[Opening Given data section]
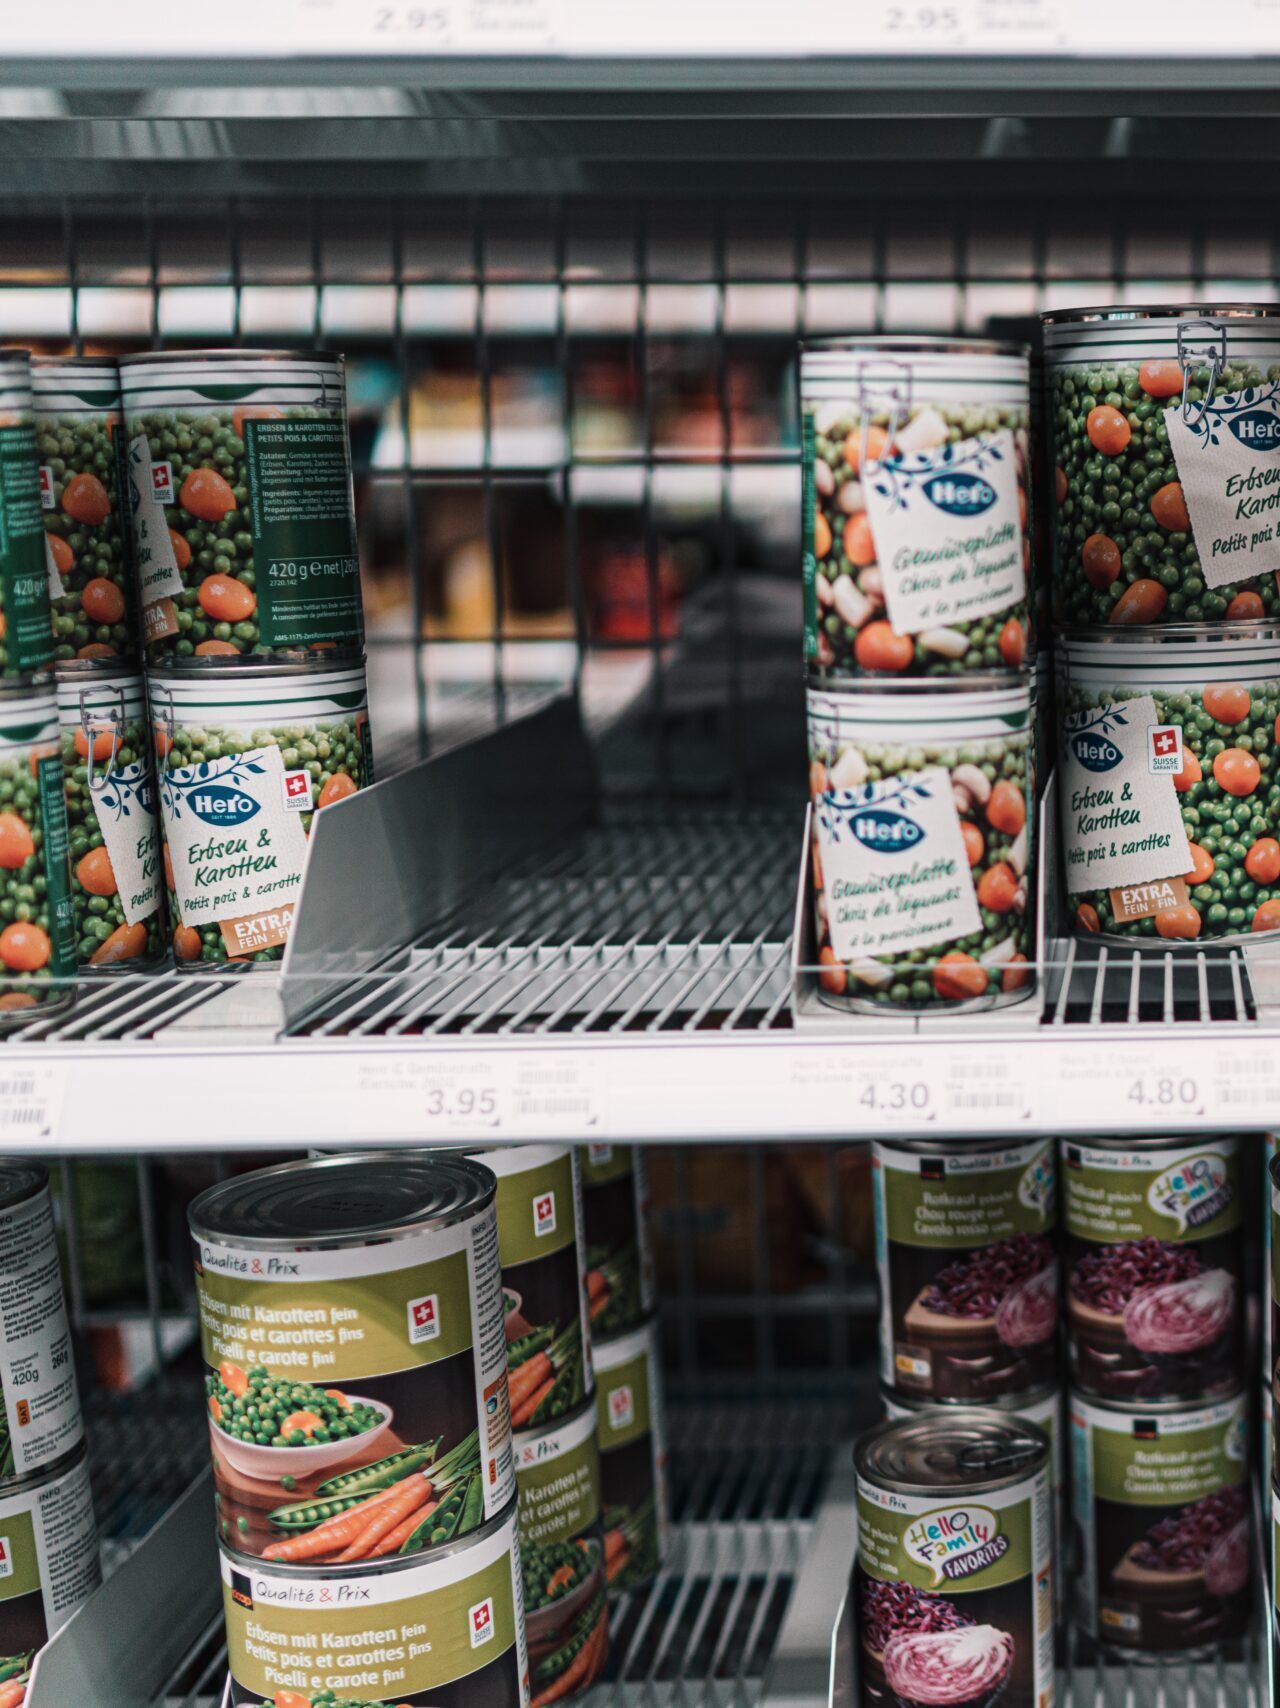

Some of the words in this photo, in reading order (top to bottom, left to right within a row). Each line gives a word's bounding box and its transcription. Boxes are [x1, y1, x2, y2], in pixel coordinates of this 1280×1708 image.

[257, 424, 286, 432] ERBSEN
[258, 434, 282, 442] PETITS
[284, 434, 300, 442] POIS
[931, 480, 993, 504] Hero
[1225, 466, 1280, 498] Erbsen
[1212, 531, 1248, 557] Petits
[1251, 525, 1273, 552] pois
[268, 563, 296, 578] 420
[324, 561, 340, 575] net
[269, 579, 298, 587] 2720.142
[1077, 741, 1117, 761] Hero
[1153, 757, 1179, 765] SUISSE
[195, 794, 253, 814] Hero
[1071, 784, 1113, 812] Erbsen
[1121, 782, 1133, 801] &
[856, 818, 919, 841] Hero
[1077, 807, 1141, 835] Karotten
[188, 837, 248, 865] Erbsen
[257, 828, 272, 848] &
[1109, 843, 1117, 857] &
[1121, 833, 1172, 857] carottes
[194, 853, 278, 888] Karotten
[184, 895, 209, 912] Petits
[213, 892, 237, 910] pois
[242, 886, 251, 899] &
[1121, 882, 1175, 905] EXTRA
[1124, 902, 1149, 915] FEIN
[1158, 895, 1177, 909] FIN
[234, 911, 294, 939] EXTRA
[238, 933, 267, 950] FEIN
[427, 1089, 496, 1116] 3.95
[859, 1083, 930, 1109] 4.30
[1127, 1079, 1198, 1105] 4.80
[203, 1248, 248, 1274] Qualité
[251, 1259, 264, 1275] &
[267, 1259, 300, 1276] Prix
[230, 1303, 251, 1321] mit
[254, 1305, 327, 1324] Karotten
[223, 1321, 248, 1341] pois
[267, 1327, 335, 1345] carottes
[413, 1323, 436, 1335] SUISSE
[212, 1335, 245, 1362] Piselli
[247, 1349, 256, 1363] e
[258, 1348, 308, 1366] carote
[13, 1369, 39, 1387] 420g
[39, 1487, 60, 1503] INFO
[256, 1580, 315, 1602] Qualité
[319, 1586, 334, 1602] &
[337, 1585, 370, 1601] Prix
[245, 1621, 289, 1647] Erbsen
[290, 1632, 317, 1649] mit
[321, 1626, 397, 1649] Karotten
[399, 1622, 427, 1642] fein
[474, 1627, 492, 1641] SUISSE
[245, 1640, 278, 1664] Petits
[279, 1650, 312, 1670] pois
[315, 1651, 332, 1669] et
[336, 1646, 405, 1669] carottes
[407, 1641, 432, 1660] fins
[264, 1666, 307, 1689] Piselli
[310, 1674, 321, 1688] e
[325, 1670, 379, 1689] carote
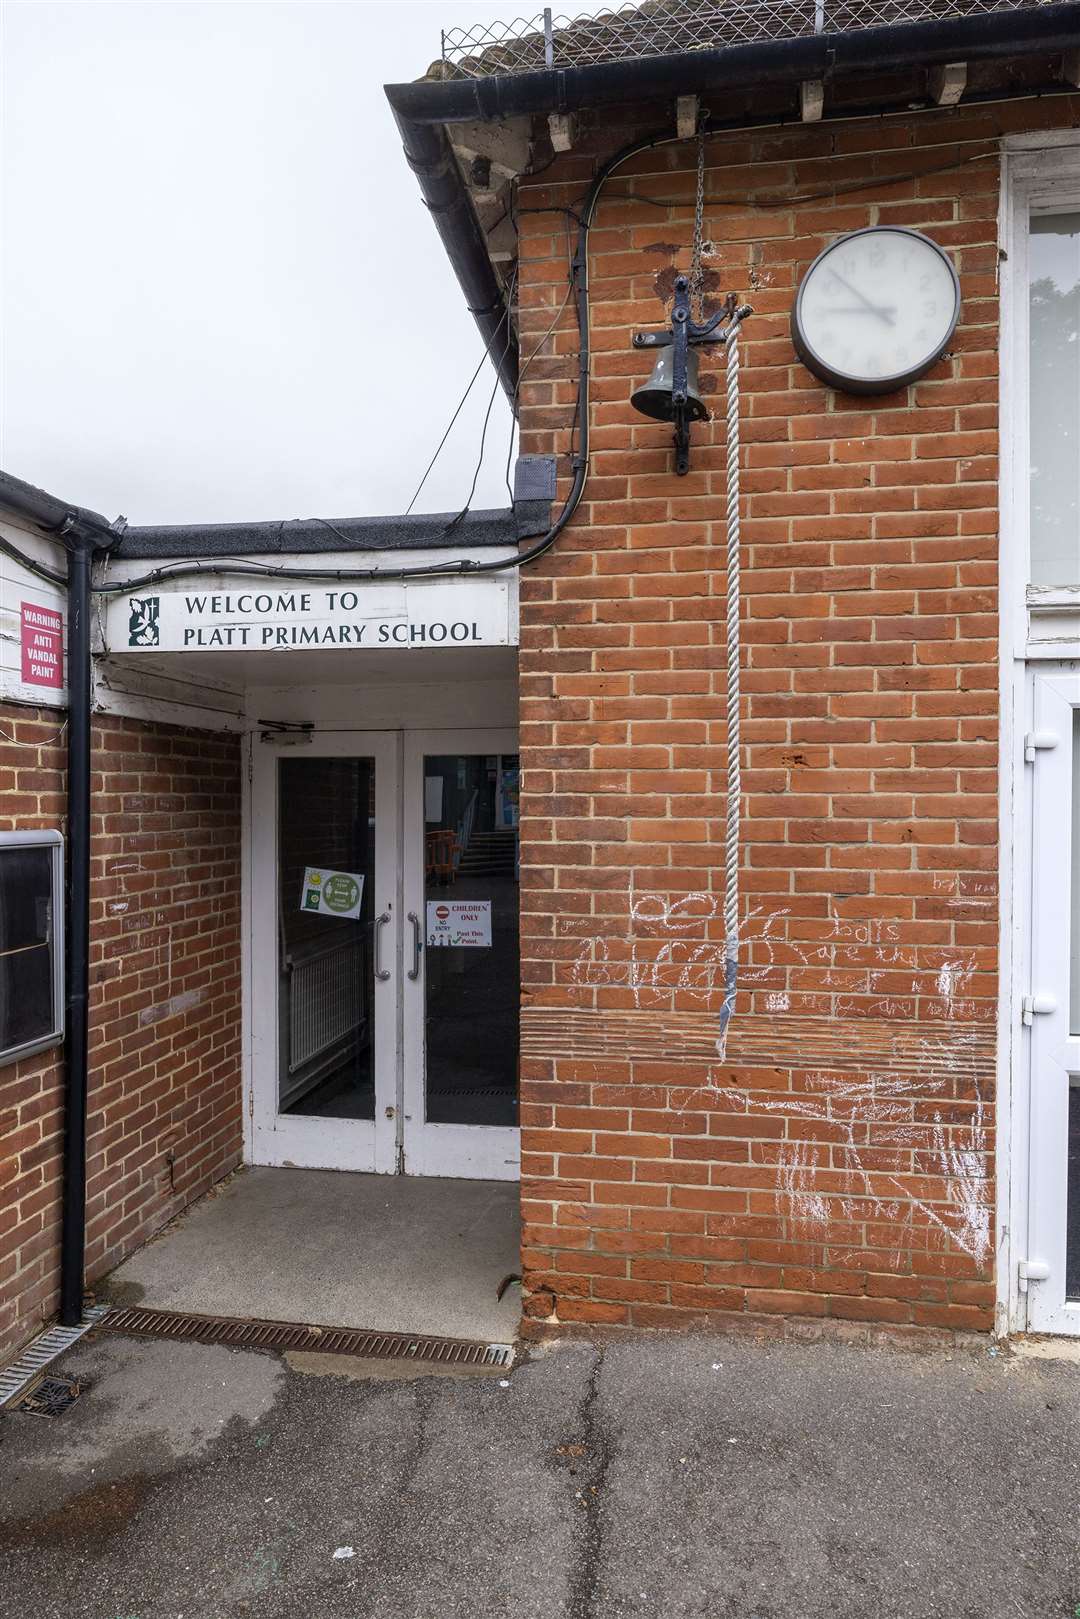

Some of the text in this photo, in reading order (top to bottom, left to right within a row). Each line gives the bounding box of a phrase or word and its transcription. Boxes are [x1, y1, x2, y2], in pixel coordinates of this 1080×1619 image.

[185, 592, 358, 614] WELCOME TO
[24, 610, 61, 629] WARNING
[34, 634, 52, 648] ANTI
[184, 622, 483, 645] PLATT PRIMARY SCHOOL
[27, 648, 58, 665] VANDAL
[31, 664, 54, 679] PAINT
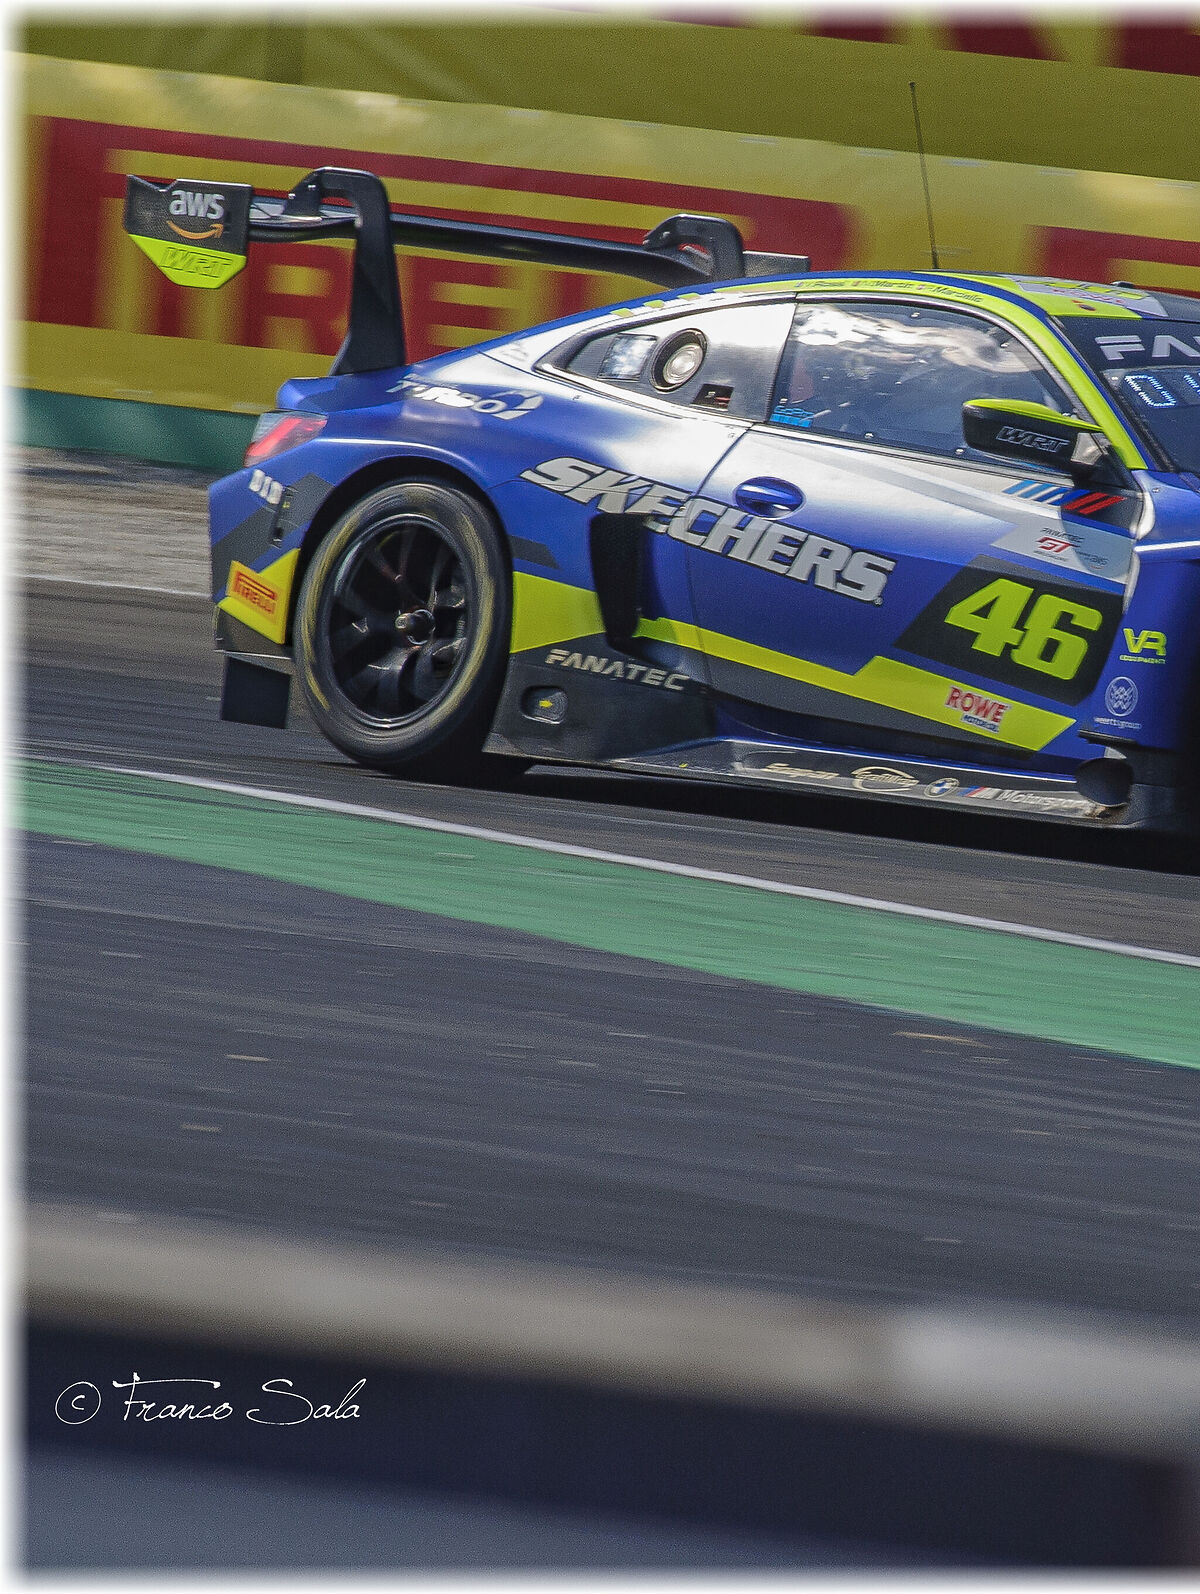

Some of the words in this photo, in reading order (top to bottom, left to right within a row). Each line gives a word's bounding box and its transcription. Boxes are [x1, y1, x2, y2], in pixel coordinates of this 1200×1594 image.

[169, 190, 225, 220] aws
[996, 425, 1070, 452] WRT
[519, 456, 898, 605] SKECHERS
[944, 578, 1103, 680] 46
[1123, 628, 1167, 656] VR
[545, 649, 690, 691] FANATEC
[945, 686, 1007, 723] ROWE
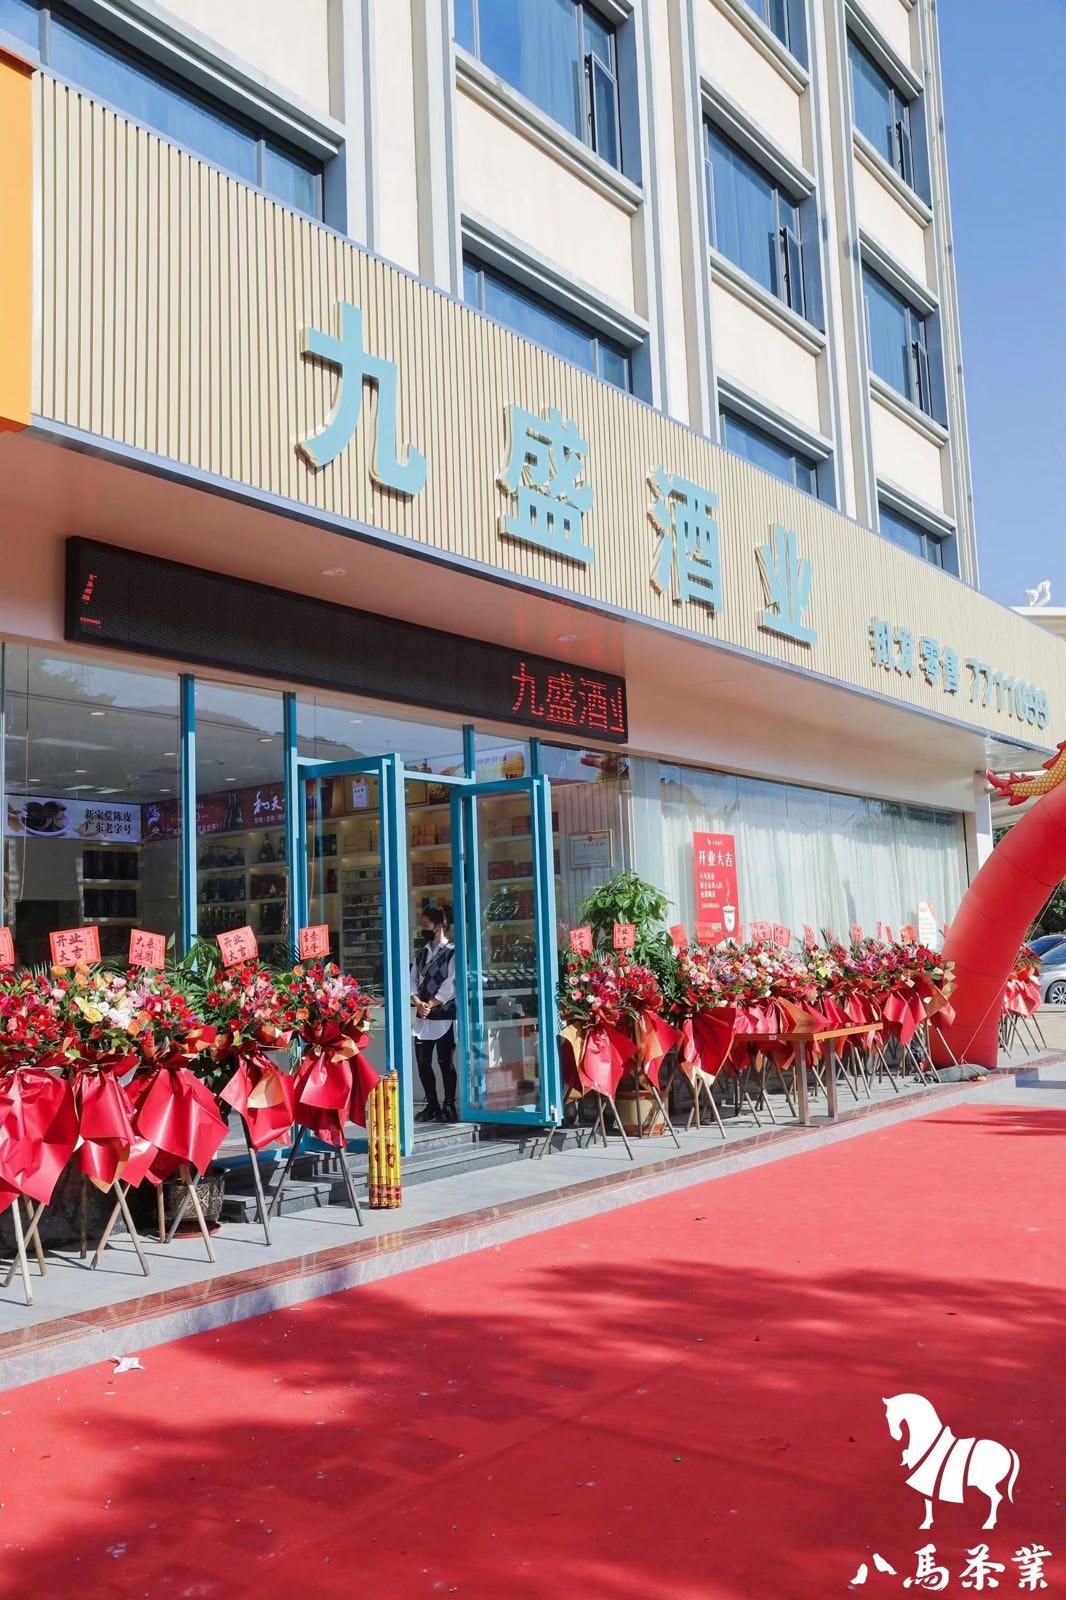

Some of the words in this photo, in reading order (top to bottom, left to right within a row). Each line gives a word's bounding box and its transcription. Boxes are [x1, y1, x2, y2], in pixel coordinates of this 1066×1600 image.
[Closing Given data section]
Exercise directions>
All of the records need to be reproduced exactly, with each picture omitted.

Final answer>
Some of the words in this photo, in reading order (top to bottom, left to right within a row). Each line gives a word's bounding box and its transcription. Boxes are [x1, y1, x2, y2], in pixel coordinates of this 1280×1708 image.

[257, 424, 286, 432] ERBSEN
[258, 434, 282, 442] PETITS
[284, 434, 300, 442] POIS
[931, 480, 993, 504] Hero
[1225, 466, 1280, 498] Erbsen
[1212, 531, 1248, 557] Petits
[1251, 525, 1273, 552] pois
[268, 563, 296, 578] 420
[324, 561, 340, 575] net
[269, 579, 298, 587] 2720.142
[1077, 741, 1117, 761] Hero
[1153, 757, 1179, 765] SUISSE
[195, 794, 253, 814] Hero
[1071, 784, 1113, 812] Erbsen
[1121, 782, 1133, 801] &
[856, 818, 919, 841] Hero
[1077, 807, 1141, 835] Karotten
[188, 837, 248, 865] Erbsen
[257, 828, 272, 848] &
[1109, 843, 1117, 857] &
[1121, 833, 1172, 857] carottes
[194, 853, 278, 888] Karotten
[184, 895, 209, 912] Petits
[213, 892, 237, 910] pois
[242, 886, 251, 899] &
[1121, 882, 1175, 905] EXTRA
[1124, 902, 1149, 915] FEIN
[1158, 895, 1177, 909] FIN
[234, 911, 294, 939] EXTRA
[238, 933, 267, 950] FEIN
[427, 1089, 496, 1116] 3.95
[859, 1083, 930, 1109] 4.30
[1127, 1079, 1198, 1105] 4.80
[203, 1248, 248, 1274] Qualité
[251, 1259, 264, 1275] &
[267, 1259, 300, 1276] Prix
[230, 1303, 251, 1321] mit
[254, 1305, 327, 1324] Karotten
[223, 1321, 248, 1341] pois
[267, 1327, 335, 1345] carottes
[413, 1323, 436, 1335] SUISSE
[212, 1335, 245, 1362] Piselli
[247, 1349, 256, 1363] e
[258, 1348, 308, 1366] carote
[13, 1369, 39, 1387] 420g
[39, 1487, 60, 1503] INFO
[256, 1580, 315, 1602] Qualité
[319, 1586, 334, 1602] &
[337, 1585, 370, 1601] Prix
[245, 1621, 289, 1647] Erbsen
[290, 1632, 317, 1649] mit
[321, 1626, 397, 1649] Karotten
[399, 1622, 427, 1642] fein
[474, 1627, 492, 1641] SUISSE
[245, 1640, 278, 1664] Petits
[279, 1650, 312, 1670] pois
[315, 1651, 332, 1669] et
[336, 1646, 405, 1669] carottes
[407, 1641, 432, 1660] fins
[264, 1666, 307, 1689] Piselli
[310, 1674, 321, 1688] e
[325, 1670, 379, 1689] carote

Some of the text in this photo, in reading order (top to bottom, left to right within a row). Each line gives the bounding box of a phrase or word and its transcription. Boxes are [x1, y1, x2, y2], in pixel coordinates of this 1080×1619 image.

[185, 592, 358, 614] WELCOME TO
[24, 610, 61, 629] WARNING
[34, 634, 52, 648] ANTI
[184, 622, 483, 645] PLATT PRIMARY SCHOOL
[27, 648, 58, 665] VANDAL
[31, 664, 54, 679] PAINT

Some of the words in this photo, in reading order (top to bottom, left to right within a row). Each line gives a word's bounding box and its transcription. Boxes are [x1, y1, x2, y2], in pixel coordinates of this 1200×1594 image.

[169, 190, 225, 220] aws
[996, 425, 1070, 452] WRT
[519, 456, 898, 605] SKECHERS
[944, 578, 1103, 680] 46
[1123, 628, 1167, 656] VR
[545, 649, 690, 691] FANATEC
[945, 686, 1007, 723] ROWE

Some of the words in this photo, in reading order (top to bottom, left to right within a row). Each line gives a word's bounding box and its transcription. Boxes are [x1, y1, x2, y2], in pixel coordinates of this 1066×1600 image.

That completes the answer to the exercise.